Using Variance to Determine Dispersion
In my distributions articles (stats link) I illustrated distributions and how their shapes may be understood in terms of data points and their relation to the mean.
Since the mean represents the average of all values, understanding the spread of all data points, or the average distance data points from the mean would be very helpful.
I’ll begin with a simple data set of disease diagnoses for each age groups to demonstrate how to use Excel to determine variance for a data set.
As you can see, the average diagnosis for all diagnoses (438) is close to 49.
Variance represents a difference between two measurements, in this case how far a data point resides from the mean.
First, I’ll calculate the variance for each data point to see how far away each data point resides from the mean.
Note: negative values denote data points falling to the left of the mean with positive values falling to the right.
As you can see, the Deviation column now shows how far each data point resides from the mean. For example, the first data point for the Age Group 26 – 30 has a diagnosis of 26, which is almost 23 (22.67) from the mean of 48.67.

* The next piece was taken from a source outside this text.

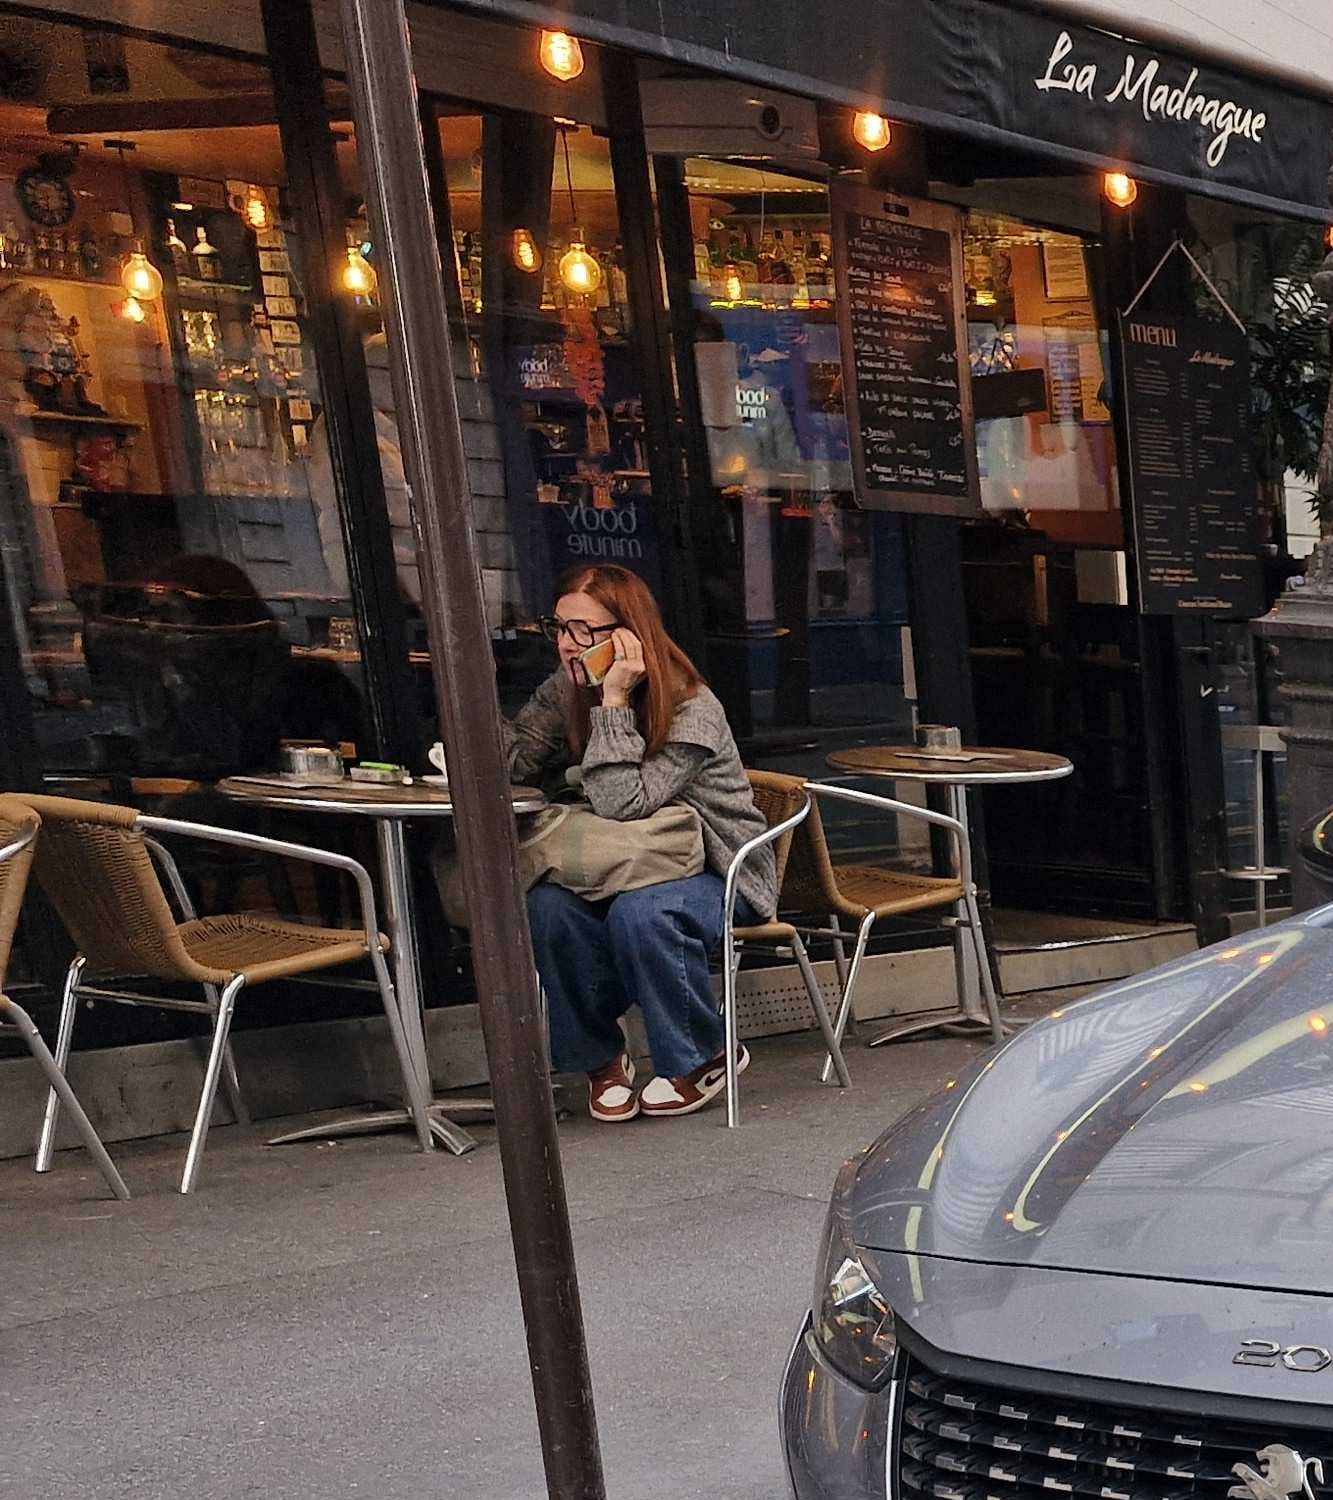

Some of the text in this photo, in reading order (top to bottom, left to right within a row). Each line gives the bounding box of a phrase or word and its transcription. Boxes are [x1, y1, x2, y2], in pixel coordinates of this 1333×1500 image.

[1035, 32, 1267, 168] La Madrague
[1130, 323, 1178, 347] menu

Deviation is another word for variance to represent this difference of the data point from the mean.
Remember from above the negative symbol denotes data points which fall to the left of the mean and positive values fall to the right.
Now, I’m going to produce a square of all the deviation values, ending with an average of them at the bottom.
Excel provides a very helpful function to determine variance for a data set which produces the same value for variance as the last image (319.78).
As you can see, the VAR.P() function produces the average of all variances squared from the data set as illustrated in the table above.